Elvie, a femtech hardware startup whose first product is a sleek smart pelvic floor exerciser, has inked a strategic partnership with the UK’s National Health Service that will make the device available nationwide through the country’s free-at-the-point-of-use healthcare service so at no direct cost to the patient.

It’s a major win for the startup that was co-founded in 2013 by CEO Tania Boler and Jawbone founder, Alexander Asseily, with the aim of building smart technology that focuses on women’s issues — an overlooked and underserved category in the gadget space.

Boler’s background before starting Elvie (née Chiaro) including working for the U.N. on global sex education curriculums. But her interest in pelvic floor health, and the inspiration for starting Elvie, began after she had a baby herself and found there was more support for women in France than the U.K. when it came to taking care of their bodies after giving birth.

With the NHS partnership, which is the startup’s first national reimbursement partnership (and therefore, as a spokeswoman puts it, has “the potential to be transformative” for the still young company), Elvie is emphasizing the opportunity for its connected tech to help reduce symptoms of urinary incontinence, including those suffered by new mums or in cases of stress-related urinary incontinence.

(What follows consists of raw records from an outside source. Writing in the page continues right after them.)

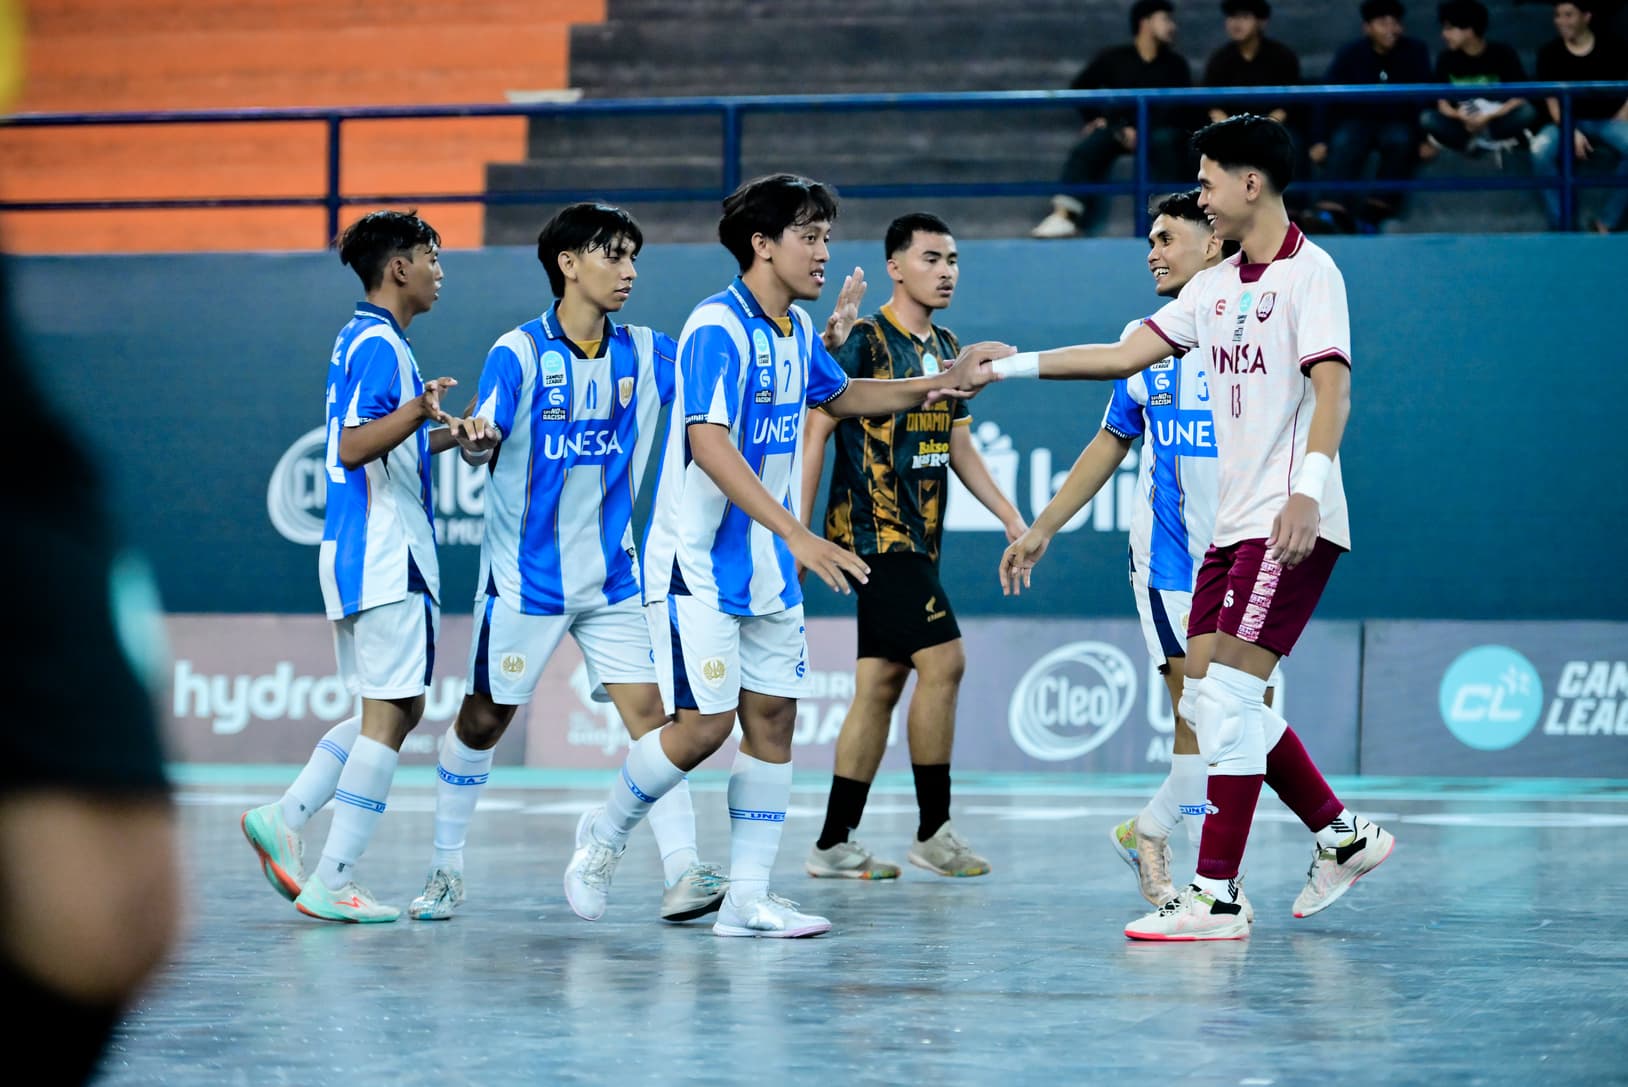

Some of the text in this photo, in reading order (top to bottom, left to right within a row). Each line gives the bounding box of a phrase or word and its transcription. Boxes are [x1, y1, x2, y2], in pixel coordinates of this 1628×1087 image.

[784, 359, 792, 393] 7
[1197, 370, 1210, 402] 3
[1231, 383, 1242, 419] 13
[544, 430, 624, 460] UNESA
[1157, 419, 1217, 447] UNE
[1036, 676, 1110, 726] Cleo

The Elvie kegel trainer is designed to make pelvic floor exercising fun and easy for women, with real-time feedback delivered via an app that also gamifies the activity, guiding users through exercises intended to strengthen their pelvic floor and thus help reduce urinary incontinence symptoms. The device can also alert users when they are contracting incorrectly.

Elvie cites research suggesting the NHS spends £233M annually on incontinence, claiming also that around a third of women and up to 70% of expectant and new mums currently suffer from urinary incontinence. In 70 per cent of stress urinary incontinence cases it suggests symptoms can be reduced or eliminated via pelvic floor muscle training.

And while there’s no absolute need for any device to perform the necessary muscle contractions to strengthen the pelvic floor, the challenge the Elvie Trainer is intended to help with is it can be difficult for women to know they are performing the exercises correctly or effectively.

Elvie cites a 2004 study that suggests around a third of women can’t exercise their pelvic floor correctly with written or verbal instruction alone. Whereas it says that biofeedback devices (generally, rather than the Elvie Trainer specifically) have been proven to increase success rates of pelvic floor training programmes by 10% — which it says other studies have suggested can lower surgery rates by 50% and reduce treatment costs by £424 per patient head within the first year.

“Until now, biofeedback pelvic floor training devices have only been available through the NHS for at-home use on loan from the patient’s hospital, with patient allocation dependent upon demand. Elvie Trainer will be the first at-home biofeedback device available on the NHS for patients to keep, which will support long-term motivation,” it adds.

Commenting in a statement, Clare Pacey, a specialist women’s health physiotherapist at Kings College Hospital, said: “I am delighted that Elvie Trainer is now available via the NHS. Apart from the fact that it is a sleek, discreet and beautiful product, the app is simple to use and immediate visual feedback directly to your phone screen can be extremely rewarding and motivating. It helps to make pelvic floor rehabilitation fun, which is essential in order to be maintained.”

Elvie is not disclosing commercial details of the NHS partnership but a spokeswoman told us the main objective for this strategic partnership is to broaden access to Elvie Trainer, adding: “The wholesale pricing reflects that.”

Discussing the structure of the supply arrangement, she said Elvie is working with Eurosurgical as its delivery partner — a distributor she said has “decades of experience supplying products to the NHS”.

“The approach will vary by Trust, regarding whether a unit is ordered for a particular patient or whether a small stock will be held so a unit may be provided to a patient within the session in which the need is established. This process will be monitored and reviewed to determine the most efficient and economic distribution method for the NHS Supply Chain,” she added.